Brief:
Lines before the one containing "this 1866×1326 image." are left out; that line and every line after it, through the end of the records, are to be reproduced exactly.

Dataset excerpts:
□ □ □ □ □

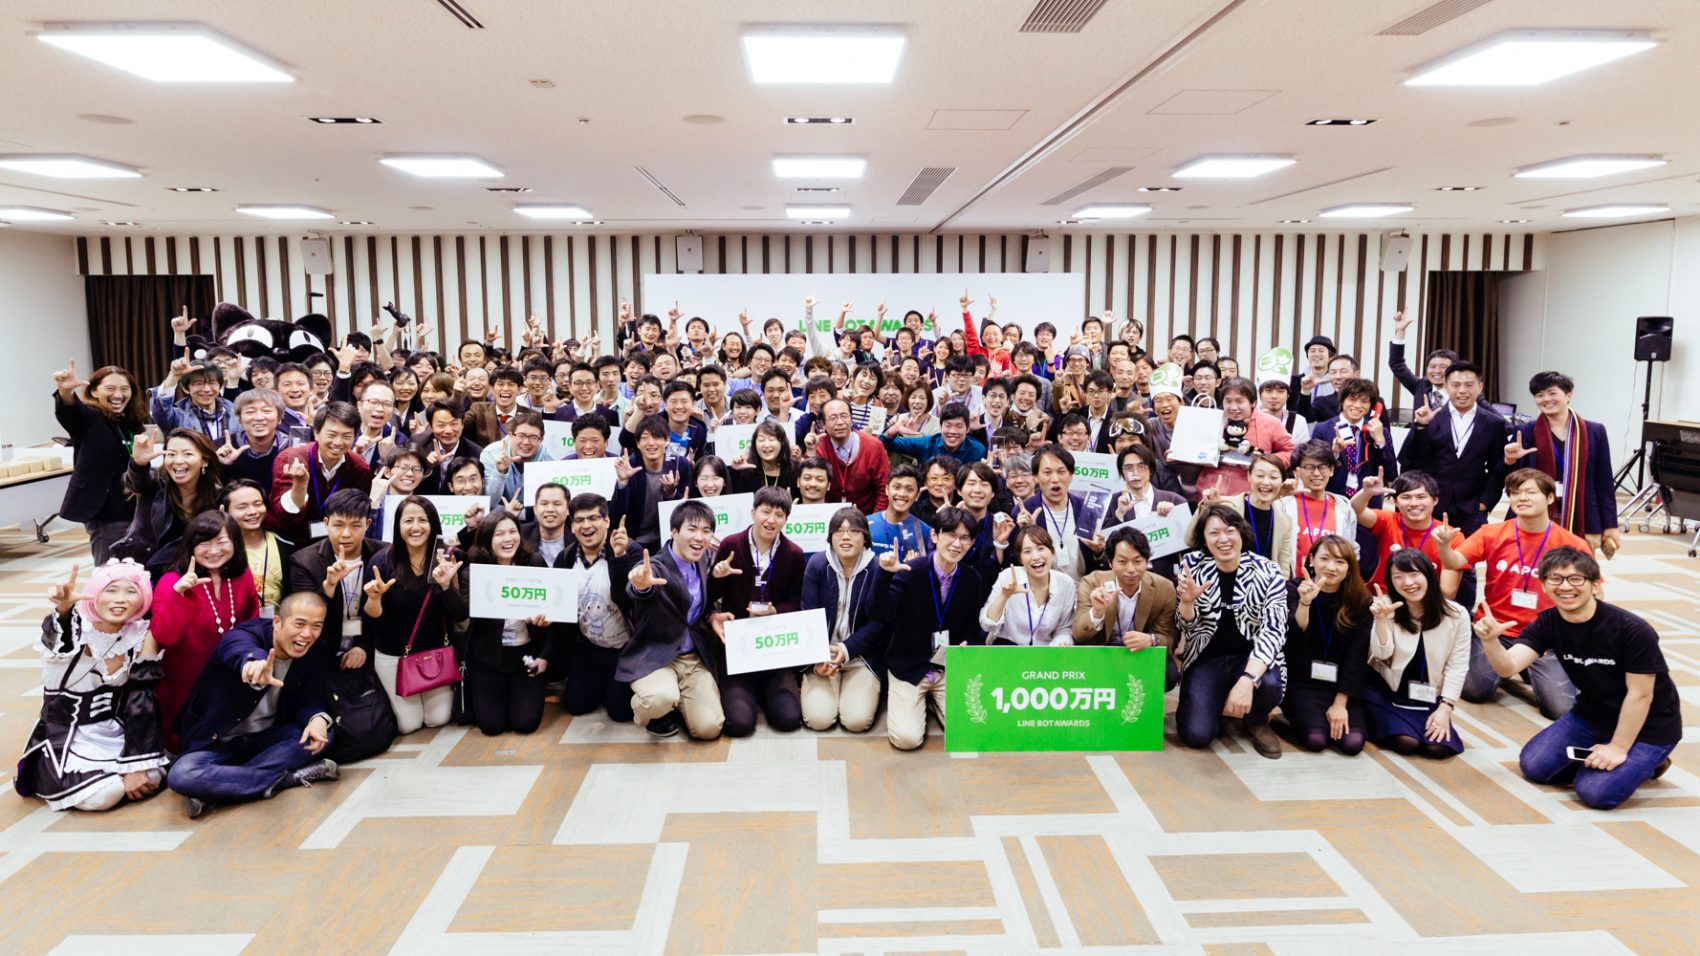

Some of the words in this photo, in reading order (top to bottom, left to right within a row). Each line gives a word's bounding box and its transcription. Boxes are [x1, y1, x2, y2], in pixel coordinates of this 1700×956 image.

[799, 319, 831, 332] LNE
[785, 521, 826, 534] 50万円
[501, 586, 547, 600] 50万円
[755, 632, 799, 649] 50万円
[1021, 670, 1059, 681] GRAND
[1062, 670, 1086, 681] PRIX
[990, 686, 1116, 714] 1,000万円
[1017, 719, 1035, 728] LINE
[1036, 719, 1054, 728] BOT
[1054, 719, 1091, 728] AWARDS
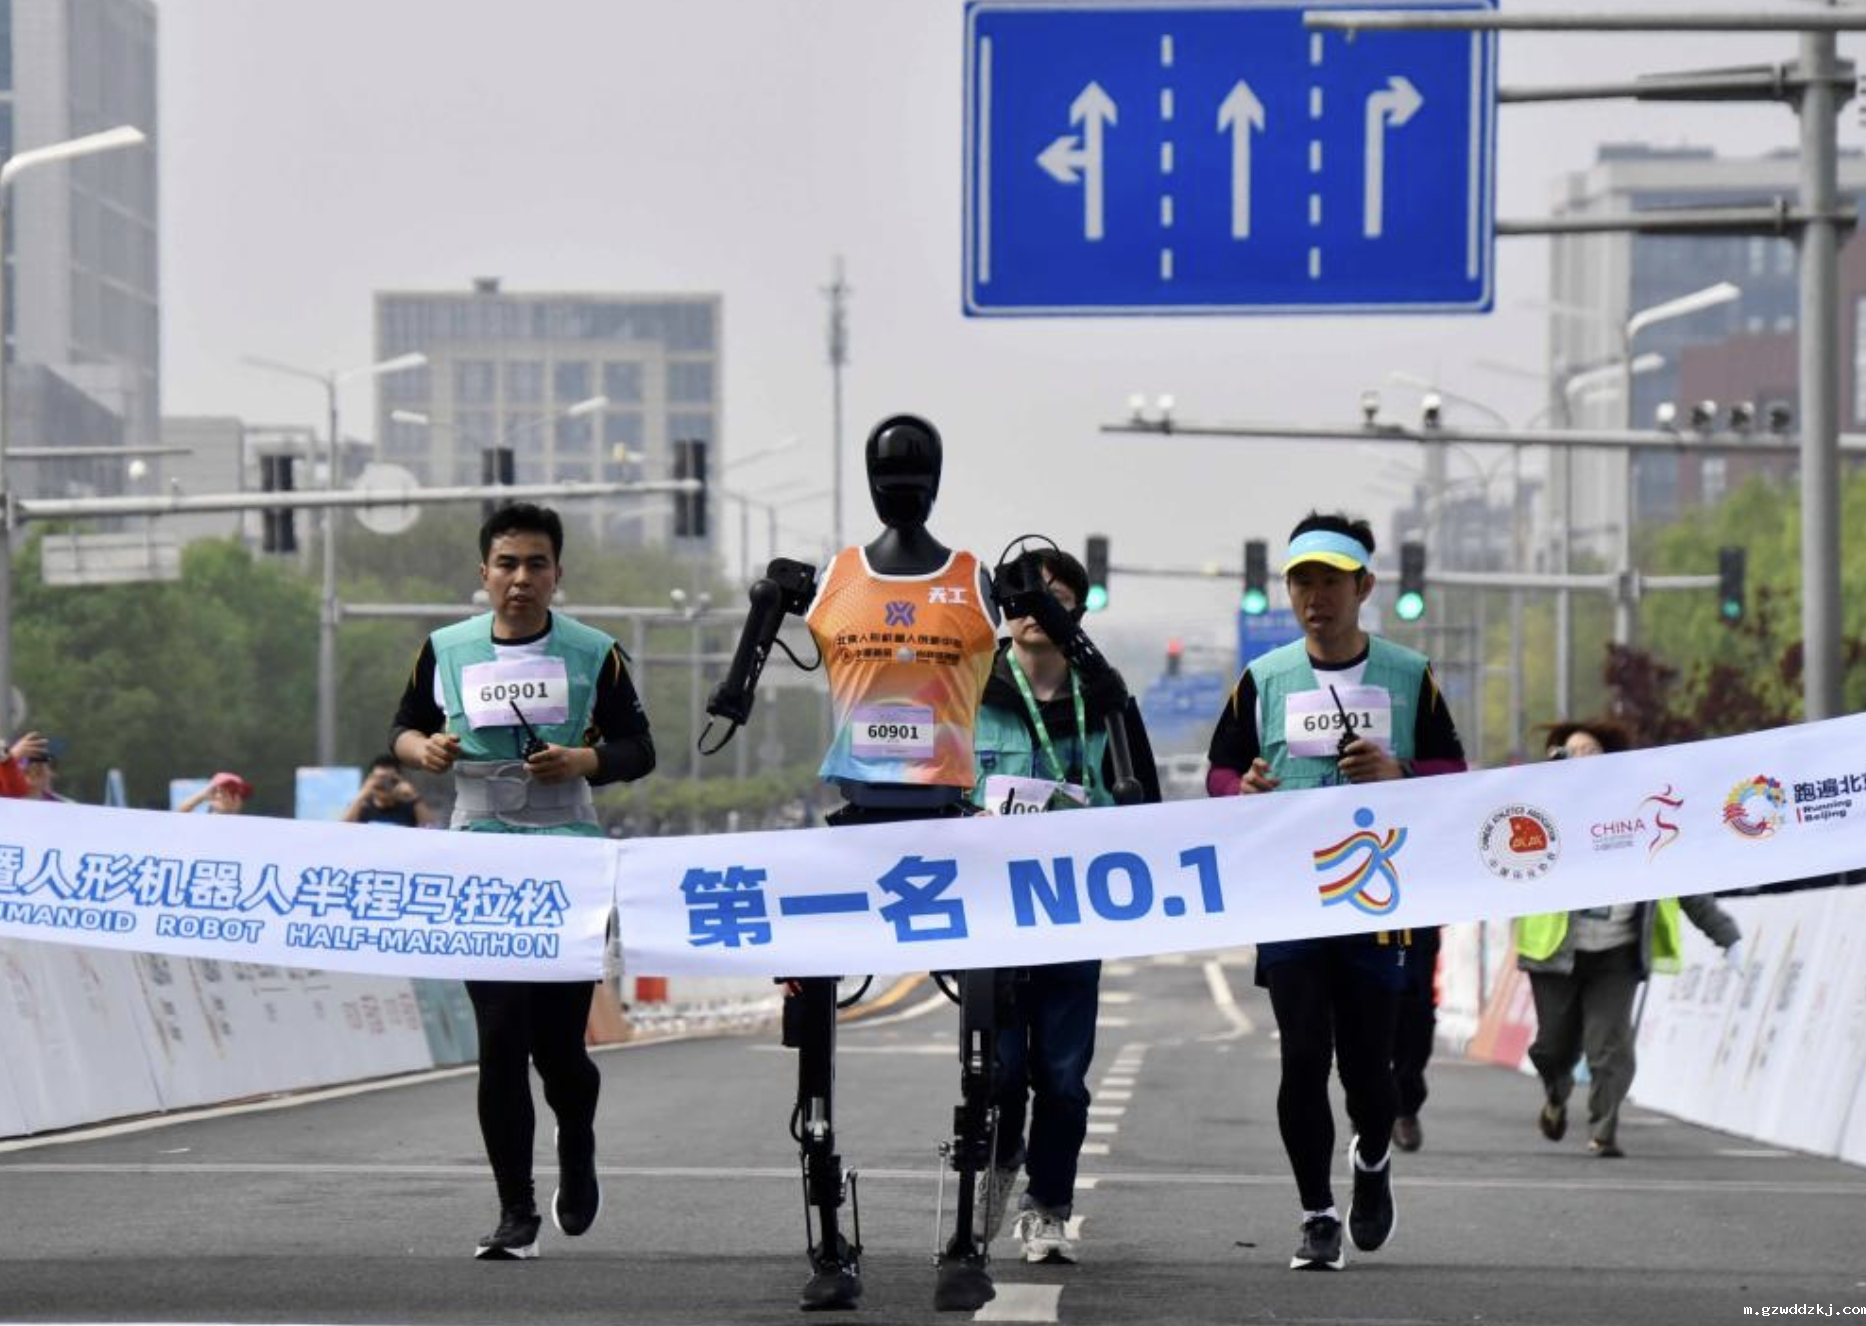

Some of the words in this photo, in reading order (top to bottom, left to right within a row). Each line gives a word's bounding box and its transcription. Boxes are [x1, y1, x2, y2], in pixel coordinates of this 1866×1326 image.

[481, 682, 549, 702] 60901
[1304, 712, 1373, 731] 60901
[868, 725, 919, 740] 60901
[1794, 773, 1866, 803] 跑遍北
[1591, 818, 1646, 837] CHINA
[680, 856, 968, 948] 第一名
[1008, 845, 1226, 927] NO.1
[0, 901, 137, 933] MANOID
[157, 913, 265, 945] ROBOT
[286, 923, 560, 959] HALF-MARATHON

□ □ □ □ □

Answer below:
Some of the words in this photo, in reading order (top to bottom, left to right within a row). Each line gives a word's bounding box and its transcription. Boxes are [x1, y1, x2, y2], in pixel coordinates of this 1866×1326 image.

[481, 682, 549, 702] 60901
[1304, 712, 1373, 731] 60901
[868, 725, 919, 740] 60901
[1794, 773, 1866, 803] 跑遍北
[1591, 818, 1646, 837] CHINA
[680, 856, 968, 948] 第一名
[1008, 845, 1226, 927] NO.1
[0, 901, 137, 933] MANOID
[157, 913, 265, 945] ROBOT
[286, 923, 560, 959] HALF-MARATHON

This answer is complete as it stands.